HUMANITY & SPACE ROBOTS
JoAnna Bennett, O’Brien Communications Group
20 June 2019
I love thinking about the notion of saving humanity – as if we’re anywhere close to extinction, even though we seem to destroy everything around us and are, collectively, incredibly invasive. I recently read an article in Forbes by Jayshree Pandya: Can Space Robots Save Humanity? And while Jayshree certainly has a good point about space robots being able to find our next habitable frontier, they can’t save humanity. I think he should have titled it Will Space Robots Be Able to Find the Next Place for Humans to Inhabit and Destroy?
If humanity is to be saved, finding a new frontier to destroy isn’t the answer.

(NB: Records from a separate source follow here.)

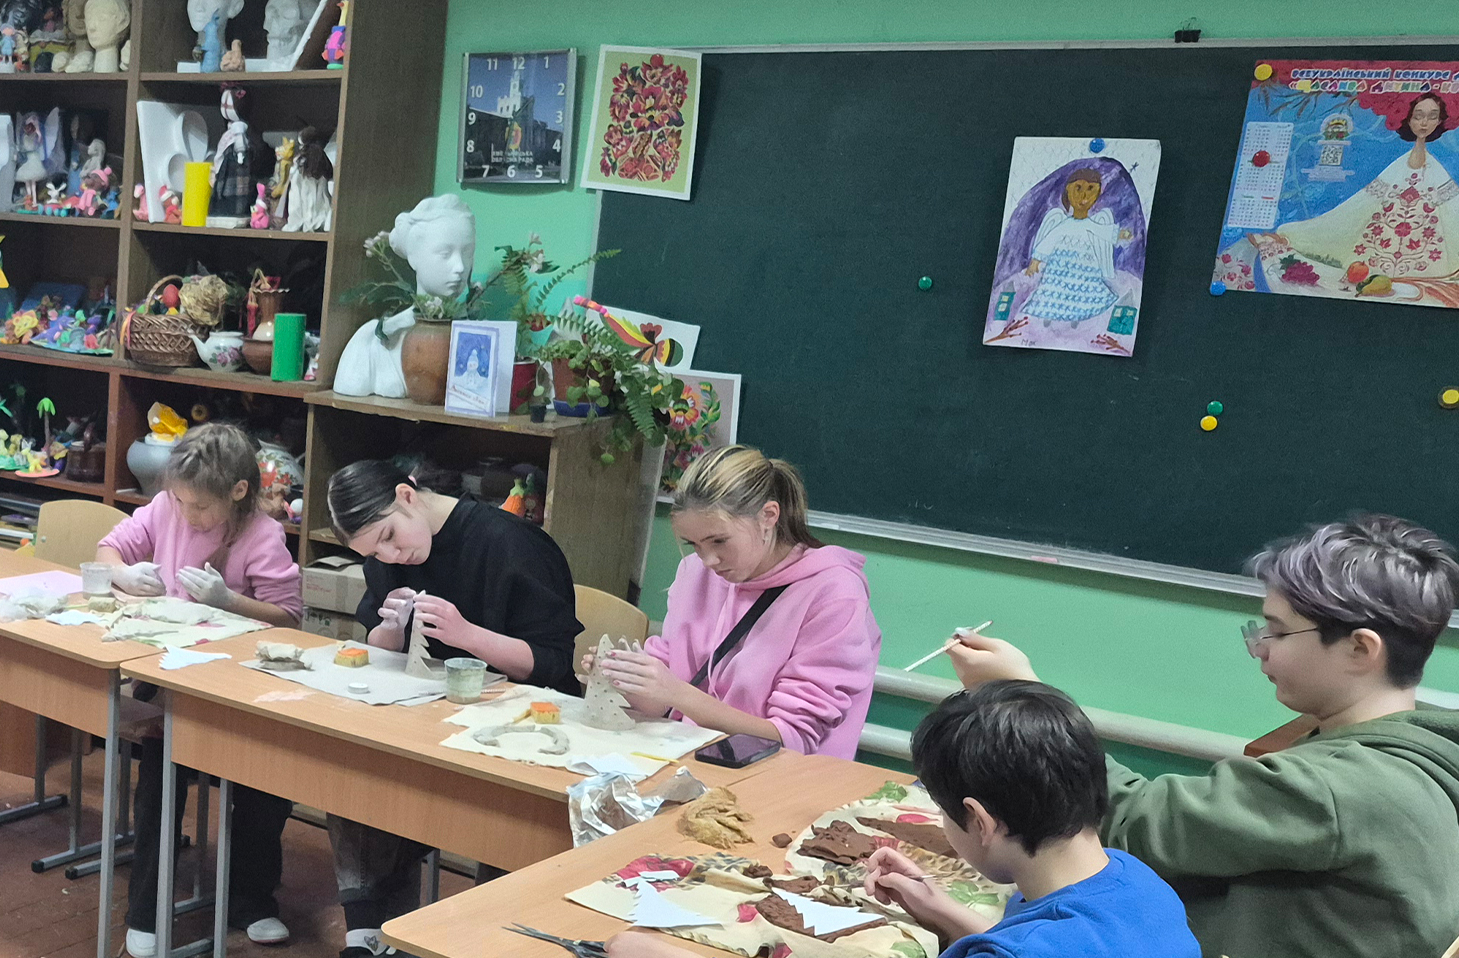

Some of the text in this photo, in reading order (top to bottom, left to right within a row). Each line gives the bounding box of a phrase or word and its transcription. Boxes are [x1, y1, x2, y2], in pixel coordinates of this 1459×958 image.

[487, 56, 549, 71] 11 12 1
[1291, 67, 1391, 79] ВСЕУКРАЇНСЬКИЙ
[1394, 70, 1451, 80] КОНКУРС
[470, 85, 483, 98] 10
[557, 83, 565, 95] 2
[1370, 80, 1431, 94] ДИТИНА
[468, 112, 476, 125] 9
[555, 111, 563, 123] 3
[466, 140, 474, 153] 8
[552, 139, 561, 152] 4
[482, 165, 543, 178] 7 6 5
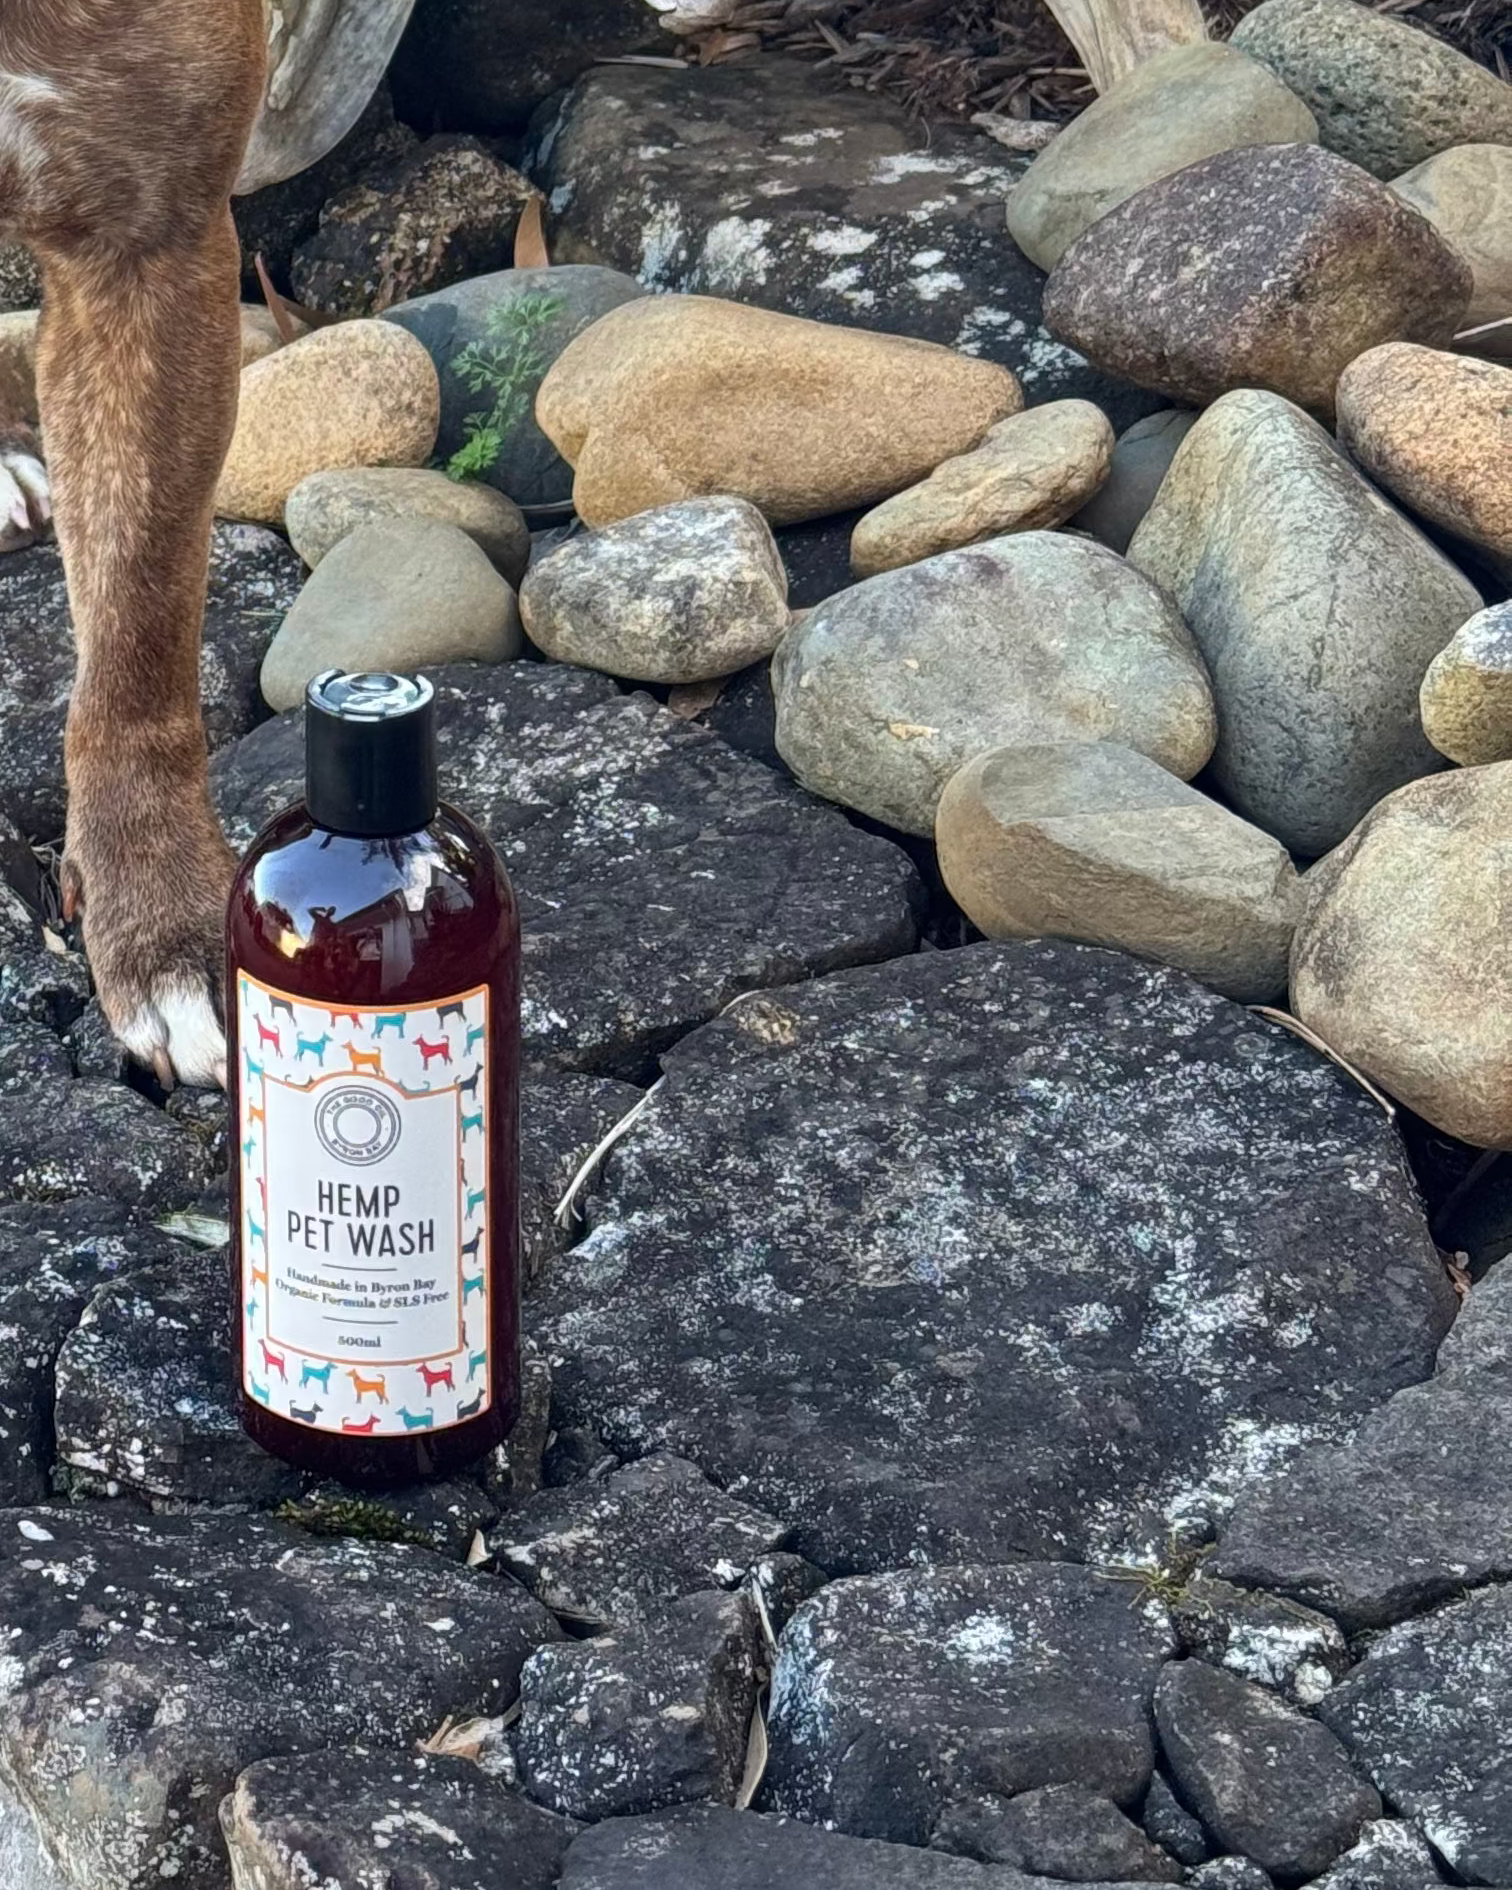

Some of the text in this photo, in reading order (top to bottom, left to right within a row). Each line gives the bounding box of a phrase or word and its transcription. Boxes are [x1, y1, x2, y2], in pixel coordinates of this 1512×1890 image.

[342, 1095, 374, 1106] GOOD
[317, 1179, 400, 1219] HEMP
[287, 1209, 434, 1257] PET WASH
[275, 1277, 450, 1309] Organic Formula & SLS Free
[287, 1266, 437, 1295] Handmade in Byron Bay
[338, 1336, 381, 1348] 500ml

It seems to me only the wealthiest humans would be able to move to the new habitat (think about transportation and R&D). Over time that new habitat would end up the same as Earth – over-populated and over-polluted. In order to save humanity, we’ve got to figure out what went awry the first time and come up with some solutions for proper advancement.
I’ve written about mistakes before. We all make them. And as I tell my daughter on a semi-regular basis, “It’s perfectly okay to make mistakes, as long as we learn a lesson.” For example, while leaning her chair back a tad too far, she fell backwards and bumped her head. I must’ve told her a dozen times not to do it, but there is no lesson like bumping your noggin. It’s not likely she’ll make that mistake again. If we took the logic of Jayshree’s article, she’d find a new chair and continue to lean back.
Lesson learned? I think not.
If you want to save humanity, you must first learn some hard lessons and save yourself. If you can learn to appreciate who you are, you’ll be able to appreciate other humans. Saving humanity cannot be done in a silo.
As Desmond Tutu was quoted as saying, “My humanity is bound up in yours, for we can only be human together.” And if anyone knew about saving humanity, it was Mr. Tutu. He was a master at making the most traumatized and oppressed people work together for a common good. And I’m sure his logic had nothing to do with finding a new frontier.
Will Space Robots Save Humanity? No. Why? Because they’ll never be able to save us from ourselves.